Action item:
Would you quote every entry exactly, dropping only the pictures?

--- Recorded data Enclosed Below ---

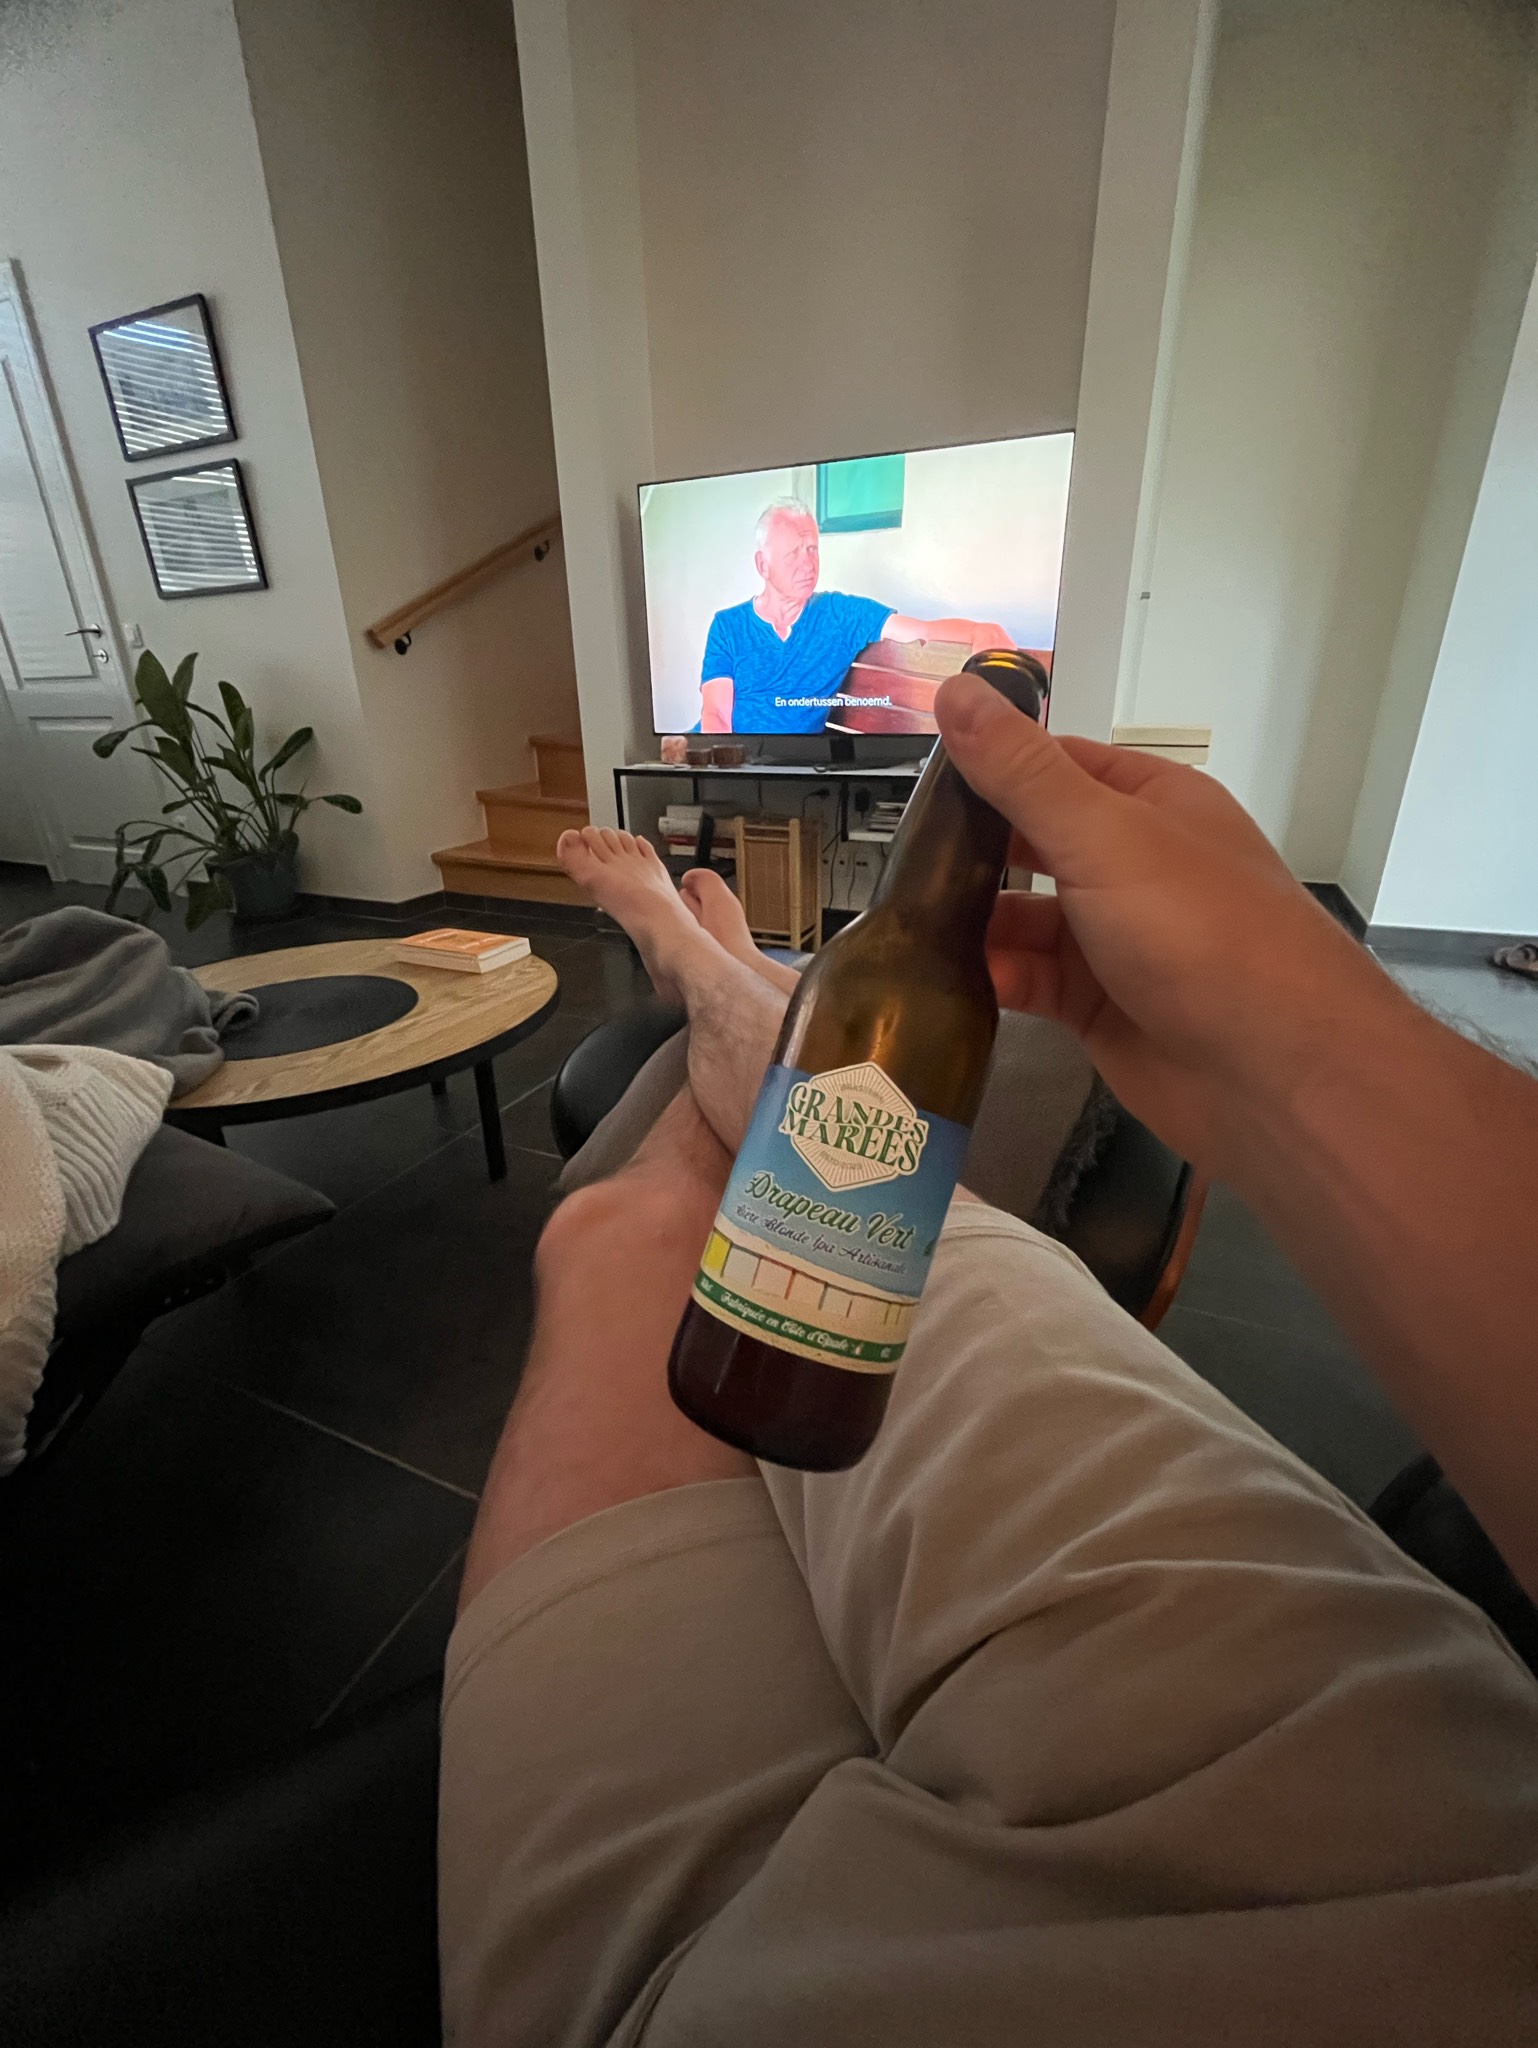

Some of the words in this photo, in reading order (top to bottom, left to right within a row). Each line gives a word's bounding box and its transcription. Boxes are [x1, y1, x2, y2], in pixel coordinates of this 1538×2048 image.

[775, 697, 786, 706] En
[788, 697, 844, 706] ondertussen
[845, 696, 892, 706] benoemd.
[790, 1084, 926, 1144] GRANDES
[744, 1171, 860, 1234] Drapeau
[867, 1212, 916, 1250] Vert
[760, 1215, 810, 1245] Blonde
[766, 1317, 780, 1328] en
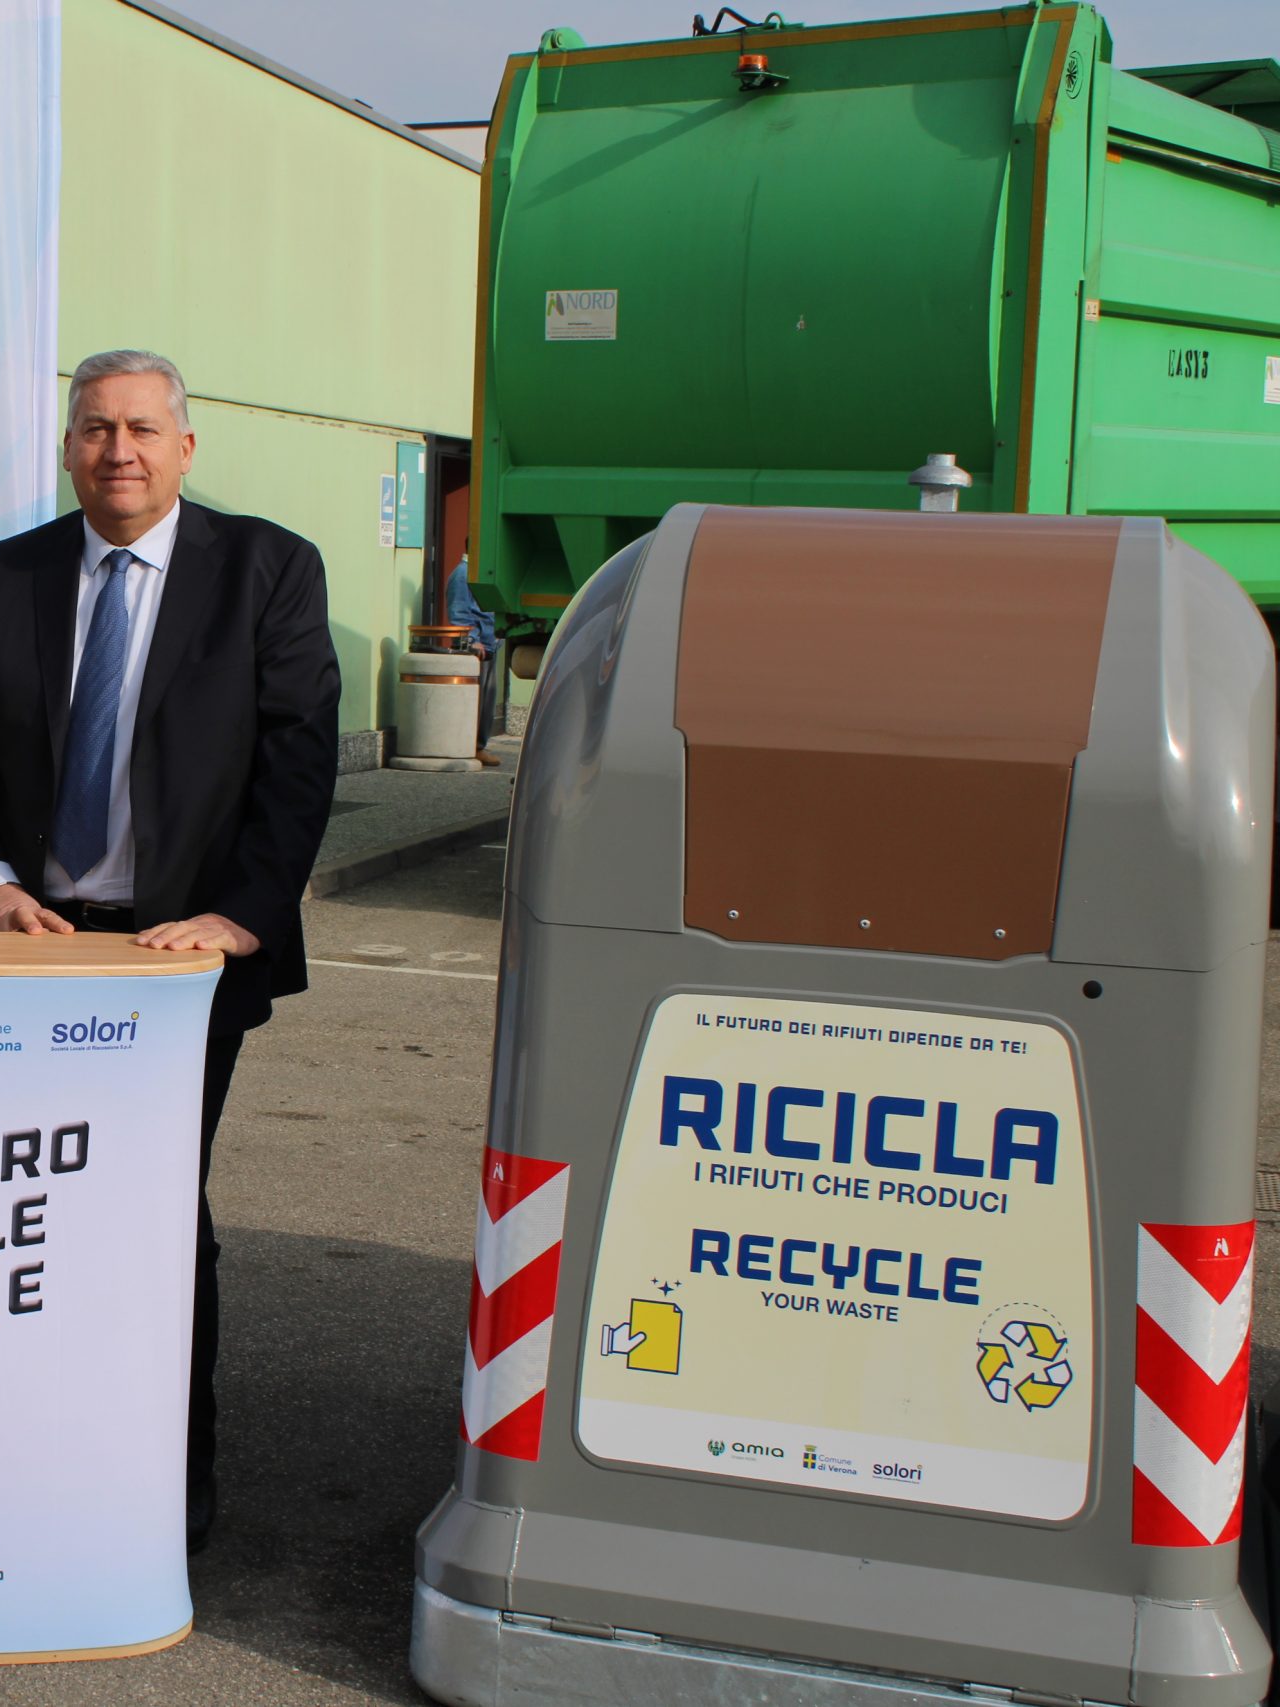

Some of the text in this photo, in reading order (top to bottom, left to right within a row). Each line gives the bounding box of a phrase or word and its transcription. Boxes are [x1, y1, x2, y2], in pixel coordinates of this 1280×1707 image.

--- End of Enclosed Recorded data ---

Problem solution:
Some of the words in this photo, in reading order (top to bottom, left to right within a row). Each line gives a word's bounding box and its transcription. Boxes are [x1, y1, x2, y2], in pixel coordinates of this 1538×2048 image.

[775, 697, 786, 706] En
[788, 697, 844, 706] ondertussen
[845, 696, 892, 706] benoemd.
[790, 1084, 926, 1144] GRANDES
[744, 1171, 860, 1234] Drapeau
[867, 1212, 916, 1250] Vert
[760, 1215, 810, 1245] Blonde
[766, 1317, 780, 1328] en

Some of the text in this photo, in reading order (top to bottom, left to right within a row). Each line gives the bounding box of a phrase or word and its transcription. Boxes are [x1, y1, x2, y2], in pixel coordinates of this 1280×1707 image.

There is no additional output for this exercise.